During his press conference on Wednesday, Powell made clear that he was very confident of a short-term burst this year. “As the economy reopens, will start spending more. You can only go out to dinner once per night, but a lot of people can go out to dinner,” he said.

But Powell has not embraced this as a fundamental shift, saying “some social distancing” might linger and pre-pandemic employment levels could be very difficult to bring back: “It’s just a lot of people who need to get back to work and it’s not going to happen overnight, it’s going to take some time. No matter how well the economy performs.”

The risk that the pandemic could surge again still worries Powell. “We’re clearly on a good path with cases coming down . . . but we’re not done and I’d hate to see us take our eye off the ball before we actually finished the job”, he said on Wednesday.

Still, in the short-term, things are undoubtedly looking up. Rosner-Warburton of MacroPolicy pointed to improving conditions beyond consumer spending driven by stimulus cheques: “It is also a housing market that has been on fire . . . the goods sector, the manufacturing sector that has recovered very quickly from Covid.”

Gagnon of the Peterson Institute said that even with the hefty upgrades to its economic forecasts, the Fed might still be too cautious and that there is “upside risk” to its projections.

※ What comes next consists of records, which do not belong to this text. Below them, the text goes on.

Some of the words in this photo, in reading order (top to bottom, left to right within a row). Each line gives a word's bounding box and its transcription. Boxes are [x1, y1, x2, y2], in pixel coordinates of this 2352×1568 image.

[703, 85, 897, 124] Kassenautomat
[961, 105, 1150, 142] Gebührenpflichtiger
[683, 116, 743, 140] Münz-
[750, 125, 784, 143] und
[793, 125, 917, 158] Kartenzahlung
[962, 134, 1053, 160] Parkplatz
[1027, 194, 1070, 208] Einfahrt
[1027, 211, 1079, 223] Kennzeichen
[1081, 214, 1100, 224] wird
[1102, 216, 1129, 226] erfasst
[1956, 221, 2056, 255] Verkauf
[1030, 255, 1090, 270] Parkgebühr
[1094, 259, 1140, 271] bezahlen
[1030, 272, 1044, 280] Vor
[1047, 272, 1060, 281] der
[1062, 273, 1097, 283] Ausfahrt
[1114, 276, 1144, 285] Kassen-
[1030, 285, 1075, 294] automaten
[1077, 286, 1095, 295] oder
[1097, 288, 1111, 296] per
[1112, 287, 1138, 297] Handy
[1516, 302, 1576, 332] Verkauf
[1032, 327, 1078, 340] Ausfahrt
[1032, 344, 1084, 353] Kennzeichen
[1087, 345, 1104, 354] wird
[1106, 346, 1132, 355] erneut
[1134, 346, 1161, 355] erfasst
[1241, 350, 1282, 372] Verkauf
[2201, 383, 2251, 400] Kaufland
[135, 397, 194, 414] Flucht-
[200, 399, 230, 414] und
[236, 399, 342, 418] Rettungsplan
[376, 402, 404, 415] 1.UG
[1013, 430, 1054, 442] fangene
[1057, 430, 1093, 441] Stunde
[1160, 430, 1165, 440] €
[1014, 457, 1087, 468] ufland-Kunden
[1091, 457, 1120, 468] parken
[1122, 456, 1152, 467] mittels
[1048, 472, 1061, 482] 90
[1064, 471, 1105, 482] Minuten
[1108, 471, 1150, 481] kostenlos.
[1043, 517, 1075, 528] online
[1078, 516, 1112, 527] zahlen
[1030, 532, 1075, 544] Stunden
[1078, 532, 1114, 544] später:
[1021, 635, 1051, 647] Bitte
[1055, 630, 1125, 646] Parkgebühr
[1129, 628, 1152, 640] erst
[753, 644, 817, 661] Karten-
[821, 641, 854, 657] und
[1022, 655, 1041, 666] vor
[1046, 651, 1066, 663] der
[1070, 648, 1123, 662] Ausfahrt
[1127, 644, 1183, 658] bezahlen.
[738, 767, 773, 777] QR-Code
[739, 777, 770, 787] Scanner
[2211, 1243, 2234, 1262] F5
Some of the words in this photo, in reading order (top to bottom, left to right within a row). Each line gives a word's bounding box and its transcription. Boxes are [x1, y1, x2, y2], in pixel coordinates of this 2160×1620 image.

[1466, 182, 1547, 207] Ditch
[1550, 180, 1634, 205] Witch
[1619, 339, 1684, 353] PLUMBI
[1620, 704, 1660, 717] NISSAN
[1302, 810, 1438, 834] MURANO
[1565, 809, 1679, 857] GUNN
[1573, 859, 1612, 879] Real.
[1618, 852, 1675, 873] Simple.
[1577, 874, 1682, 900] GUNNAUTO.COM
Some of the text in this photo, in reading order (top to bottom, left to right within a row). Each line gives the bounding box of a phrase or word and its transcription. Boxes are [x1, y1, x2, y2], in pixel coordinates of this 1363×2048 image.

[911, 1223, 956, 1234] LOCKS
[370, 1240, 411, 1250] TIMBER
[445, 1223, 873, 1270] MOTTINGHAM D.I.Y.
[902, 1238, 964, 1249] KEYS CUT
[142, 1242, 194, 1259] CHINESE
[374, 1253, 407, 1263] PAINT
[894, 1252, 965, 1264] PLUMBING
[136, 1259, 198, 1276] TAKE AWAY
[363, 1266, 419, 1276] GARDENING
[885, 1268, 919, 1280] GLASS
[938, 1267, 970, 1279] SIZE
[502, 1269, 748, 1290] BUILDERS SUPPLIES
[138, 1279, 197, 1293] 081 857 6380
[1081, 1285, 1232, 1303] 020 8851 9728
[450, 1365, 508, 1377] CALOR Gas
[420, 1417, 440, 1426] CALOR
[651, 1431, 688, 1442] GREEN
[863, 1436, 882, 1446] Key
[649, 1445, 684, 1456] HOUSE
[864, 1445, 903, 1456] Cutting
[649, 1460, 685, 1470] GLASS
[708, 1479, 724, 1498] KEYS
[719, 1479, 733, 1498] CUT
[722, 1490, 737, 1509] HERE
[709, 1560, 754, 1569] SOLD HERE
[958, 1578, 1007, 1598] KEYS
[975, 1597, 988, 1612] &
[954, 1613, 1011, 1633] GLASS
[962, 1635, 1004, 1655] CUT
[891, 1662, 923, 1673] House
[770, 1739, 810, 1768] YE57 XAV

“I think we’re going to be going to a higher pressure economy. If this pandemic drags on and the variants are problematic and we can’t reopen the economy, we might get a worse outcome than the Fed is projecting,” Gagnon said.

He added: “On the other hand, if the vaccines really do work, I think we could get a better outcome than the Fed is forecasting and is not really willing to show yet.”